LETTER TO THE EDITOR

Remembering a good and faithful servant

Posted

TO THE EDITOR:

On the afternoon of the Feast of Pentecost, I paid my respects to the family of a man who helped teach me the meaning of humility — a man who touched the lives of many with a faith lived truly and always in service to Christ, his Church, and to anyone who crossed his path. While the Gospel that Sunday spoke of the fiery descent of the Holy Spirit on those first disciples, this man — Tony DiSaia of SS. Rose and Clement Parish — showed us less dramatic ways in which the Holy Spirit works: daily, humble, and simple acts of love. Quick to smile and even quicker to pray, Tony and his equally faith-filled wife Mary were two of the first parishioners of SS. Rose and Clement Parish that helped me in my return to the faith when I first began attending Mass in 1999 after several decades wandering in the desert of agnosticism.
Tony’s funeral was held in a packed church with no less than six priests and three deacons. It was a Monday morning, bright with a warm sun made brighter with memories of a good and faithful servant. It was the Feast of Mary, Mother of the Church in a year dedicated to St. Joseph — a fitting day for the funeral of a man who brought so much light and life into the world with his devotion to St. Joseph and the Blessed Mother. What has moved me to write this letter is not that Tony needs the attention or would have wanted it.

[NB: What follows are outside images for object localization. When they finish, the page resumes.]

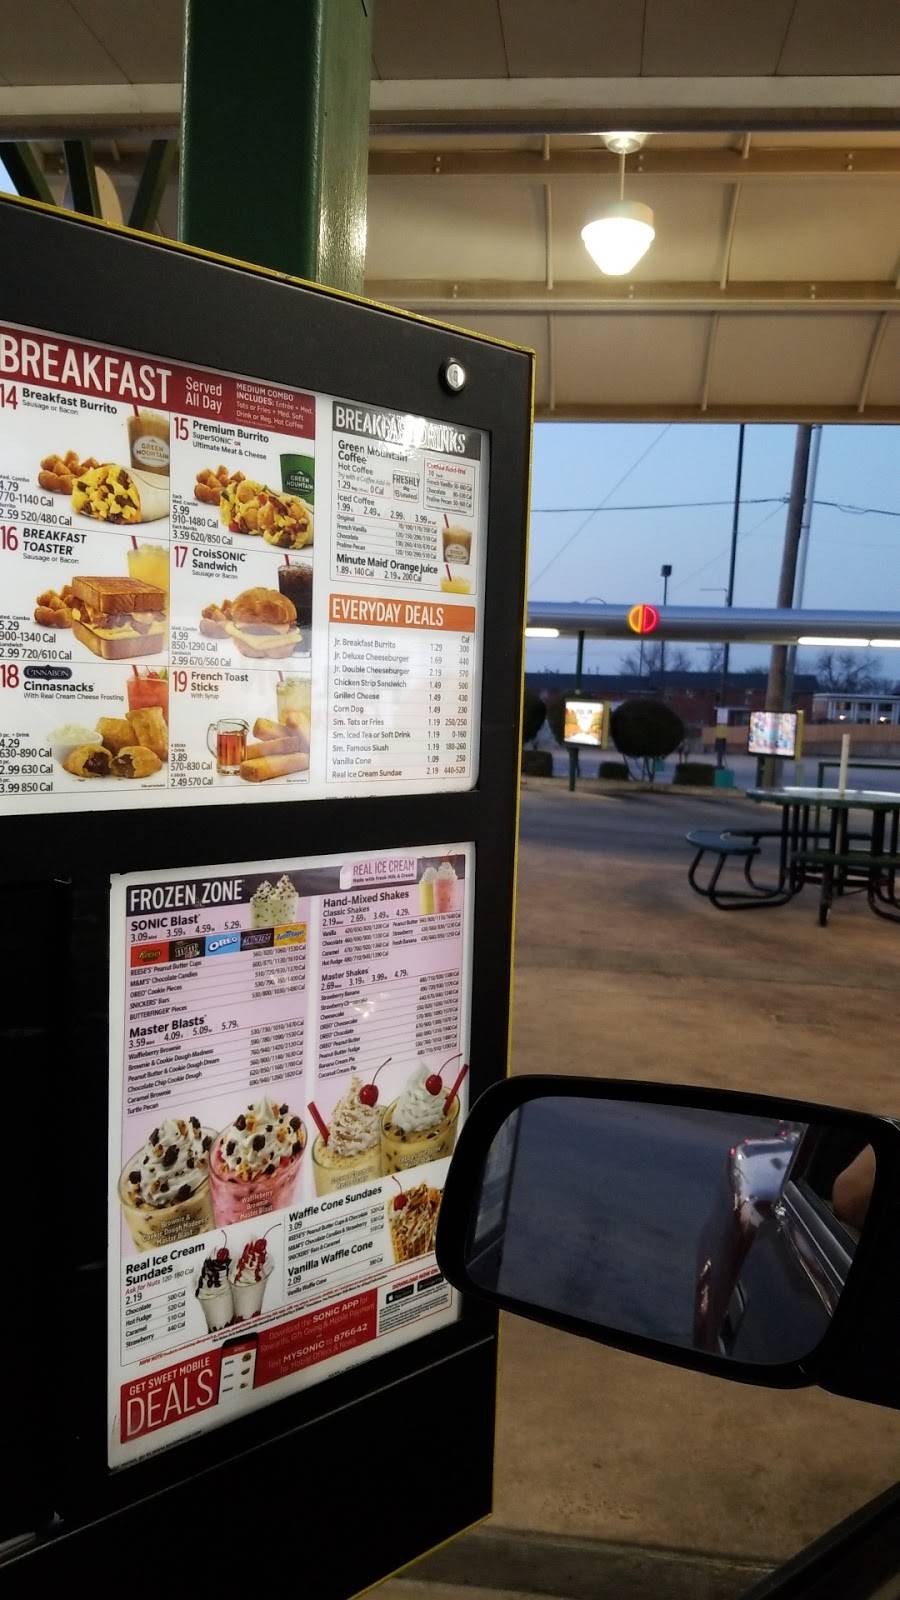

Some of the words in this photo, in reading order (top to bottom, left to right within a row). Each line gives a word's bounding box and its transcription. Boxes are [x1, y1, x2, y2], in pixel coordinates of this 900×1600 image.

[0, 335, 172, 404] BREAKFAST
[186, 376, 222, 396] Served
[236, 383, 265, 395] MEDIUM
[267, 391, 294, 401] COMBO
[0, 384, 18, 410] 14
[22, 388, 77, 407] Breakfast
[80, 399, 117, 414] Burrito
[186, 392, 199, 406] All
[203, 395, 222, 414] Day
[22, 400, 49, 411] Sausage
[59, 407, 78, 415] Bacon
[257, 406, 271, 414] Fries
[292, 412, 304, 421] Soft
[174, 417, 188, 441] 15
[193, 421, 235, 436] Premium
[237, 429, 269, 443] Burrito
[335, 406, 416, 447] BREAKFAS
[193, 442, 220, 452] Ultimate
[222, 447, 237, 455] Meat
[245, 451, 266, 460] Cheese
[338, 440, 364, 454] Green
[368, 446, 407, 462] Mountain
[338, 451, 367, 464] Coffee
[338, 462, 350, 471] Hot
[352, 465, 373, 475] Coffee
[0, 482, 18, 492] 4.79
[287, 481, 314, 489] MOUNTAIN
[393, 474, 420, 487] FRESHLY
[0, 491, 38, 505] 770-1140
[41, 497, 53, 507] Cal
[338, 493, 351, 502] Iced
[353, 496, 374, 506] Coffee
[0, 508, 18, 520] 2.59
[21, 511, 57, 525] 520/480
[59, 514, 72, 526] Cal
[173, 505, 189, 515] 5.99
[172, 515, 206, 527] 910-1480
[207, 519, 218, 528] Cal
[0, 526, 18, 551] 16
[23, 528, 87, 544] BREAKFAST
[172, 530, 189, 540] 3.59
[191, 532, 220, 544] 620/850
[222, 536, 233, 545] Cal
[23, 541, 73, 556] TOASTER
[192, 548, 246, 562] CroisSONIC
[23, 553, 50, 562] Sausage
[60, 556, 79, 564] Bacon
[175, 546, 188, 568] 17
[337, 554, 365, 565] Minute
[368, 558, 387, 567] Maid
[390, 560, 418, 573] Orange
[420, 563, 438, 574] Juice
[192, 559, 237, 572] Sandwich
[192, 570, 214, 578] Sausage
[333, 598, 401, 623] EVERYDAY
[405, 604, 444, 626] DEALS
[0, 621, 19, 630] 5.29
[0, 631, 41, 642] 900-1340
[43, 633, 56, 643] Cal
[172, 632, 188, 640] 4.99
[0, 648, 19, 658] 2.99
[22, 649, 57, 660] 720/610
[59, 651, 72, 660] Cal
[172, 641, 205, 651] 850-1290
[207, 643, 217, 652] Cal
[0, 664, 19, 688] 18
[173, 671, 188, 692] 19
[192, 672, 222, 680] French
[224, 672, 248, 682] Toast
[24, 681, 93, 692] Cinnasnacks
[191, 682, 219, 692] Sticks
[377, 680, 406, 688] Sandwich
[351, 705, 364, 714] Dog
[429, 706, 440, 714] 1.49
[381, 730, 393, 738] Soft
[395, 730, 411, 738] Drink
[0, 739, 19, 748] 4.29
[39, 748, 52, 758] Cal
[171, 753, 187, 761] 3.89
[171, 762, 200, 771] 570-830
[202, 761, 212, 770] Cal
[0, 783, 19, 793] 3.99
[22, 783, 38, 792] 850
[40, 782, 53, 792] Cal
[353, 864, 372, 876] REAL
[375, 862, 387, 873] ICE
[389, 859, 415, 873] CREAM
[130, 884, 196, 912] FROZEN
[201, 879, 242, 903] ZONE
[324, 894, 378, 908] Hand-Mixed
[380, 890, 409, 901] Shakes
[323, 907, 345, 917] Classic
[347, 906, 370, 915] Shakes
[131, 918, 167, 932] SONIC
[171, 915, 198, 926] Blast
[209, 936, 238, 951] OREO
[154, 965, 173, 973] Peanut
[322, 972, 344, 981] Master
[346, 968, 368, 978] Shakes
[152, 974, 177, 984] Chocolate
[178, 971, 198, 980] Candies
[130, 1023, 169, 1038] Master
[172, 1015, 205, 1031] Blasts
[289, 1206, 318, 1222] Waffle
[321, 1198, 343, 1211] Cone
[345, 1186, 382, 1204] Sundaes
[126, 1262, 150, 1274] Real
[153, 1255, 168, 1266] Ice
[170, 1243, 205, 1260] Cream
[288, 1259, 319, 1277] Vanilla
[321, 1248, 349, 1264] Waffle
[351, 1241, 373, 1254] Cone
[125, 1264, 173, 1287] Sundaes
[125, 1292, 142, 1306] 2.19
[313, 1307, 340, 1323] SONIC
[341, 1300, 359, 1312] APP
[283, 1341, 325, 1363] MYSONIC
[334, 1323, 368, 1342] 876642
[130, 1381, 147, 1396] GET
[149, 1371, 176, 1389] SWEET
[180, 1357, 210, 1377] MOBILE
[126, 1369, 213, 1437] DEALS

It is we, the living, that need something from him: his example of humility and his unquenchable joy, which comes from a life of prayer and service. Such qualities are the products of true faith and they all lead others to Christ — as they did for me all those years ago. If you and I are serious about evangelizing our godless world — if we truly want to preach the gospel and get on with the work of saving souls — then we have no greater teachers than people like Tony. For it is their example of humility, joy and prayer that allow the Holy Spirit to send forth its fires of love and renew the face of the earth — one smile, one prayer, and one kind word at a time.